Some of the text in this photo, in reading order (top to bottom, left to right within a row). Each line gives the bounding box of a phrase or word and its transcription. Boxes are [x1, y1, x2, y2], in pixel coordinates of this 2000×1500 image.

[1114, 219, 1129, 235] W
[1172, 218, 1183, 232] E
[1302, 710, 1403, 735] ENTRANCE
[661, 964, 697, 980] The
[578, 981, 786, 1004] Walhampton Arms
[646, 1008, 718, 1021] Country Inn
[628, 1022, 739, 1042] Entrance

---

Task to carry out :: For this exercise, write all the records out again exactly.

Task output ::
Some of the text in this photo, in reading order (top to bottom, left to right within a row). Each line gives the bounding box of a phrase or word and its transcription. Boxes are [x1, y1, x2, y2], in pixel coordinates of this 2000×1500 image.

[1114, 219, 1129, 235] W
[1172, 218, 1183, 232] E
[1302, 710, 1403, 735] ENTRANCE
[661, 964, 697, 980] The
[578, 981, 786, 1004] Walhampton Arms
[646, 1008, 718, 1021] Country Inn
[628, 1022, 739, 1042] Entrance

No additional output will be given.